When you ask ChatGPT to build you a dashboard, it gives you code snippets you’d need to assemble yourself, often requiring a developer to make sense of it. When you ask Lovable the same thing, you get a working application with a live preview, hosting, and a chat interface to iterate on it.
Lovable is actually powered by Claude, but it wraps the AI in a full-stack builder that handles deployment, databases and design. For journalists without coding experience, that’s the difference between “here’s some code” and “here’s how it looks.”
Go build something new
The article format has served us well. It’s not dead, but it is not the only option.

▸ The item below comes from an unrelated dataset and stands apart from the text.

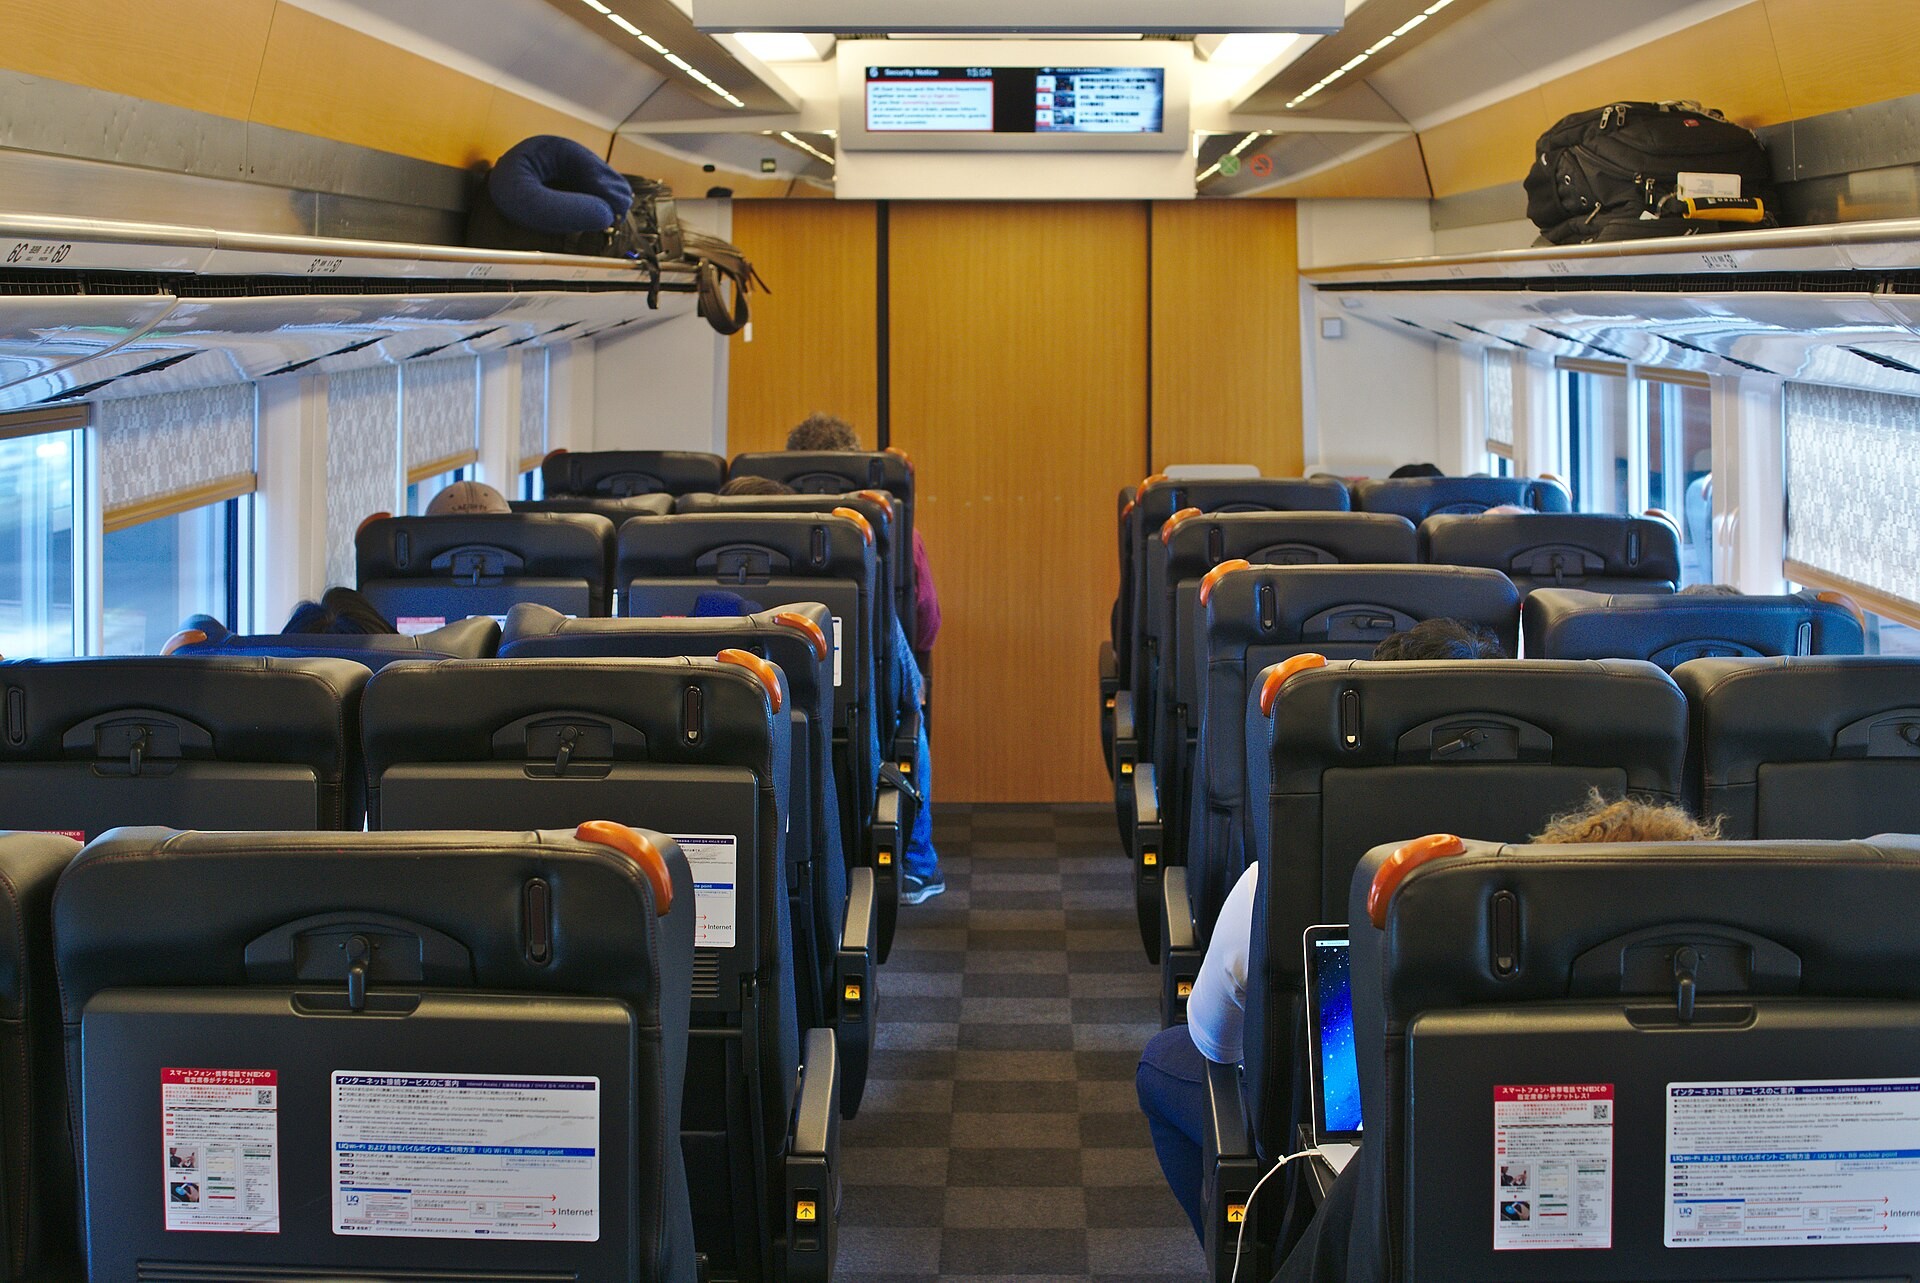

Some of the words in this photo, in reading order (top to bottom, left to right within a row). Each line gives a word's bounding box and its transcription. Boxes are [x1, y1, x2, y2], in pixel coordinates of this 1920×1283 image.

When thousands of people fly to a conference, share incredible insights and then go home, that knowledge evaporates unless it’s transformed into something people can continue to engage with.
Vibe coding lets us do that better than text-only articles can. Not just for conferences, but for city council meetings, investigative data, community journalism and breaking news.
My hope is you’ll take these vibe coding tips and run. You’ll build interactive story formats your newsroom has never seen. You’ll prototype tools that solve real problems. You’ll make journalism more engaging, more accessible and more honest about its data and sources.
Journalists who can write, build, prototype, ship and transform their own work into new formats will define what news looks like in five years. So, go vibe code something. I can’t wait to see what you build.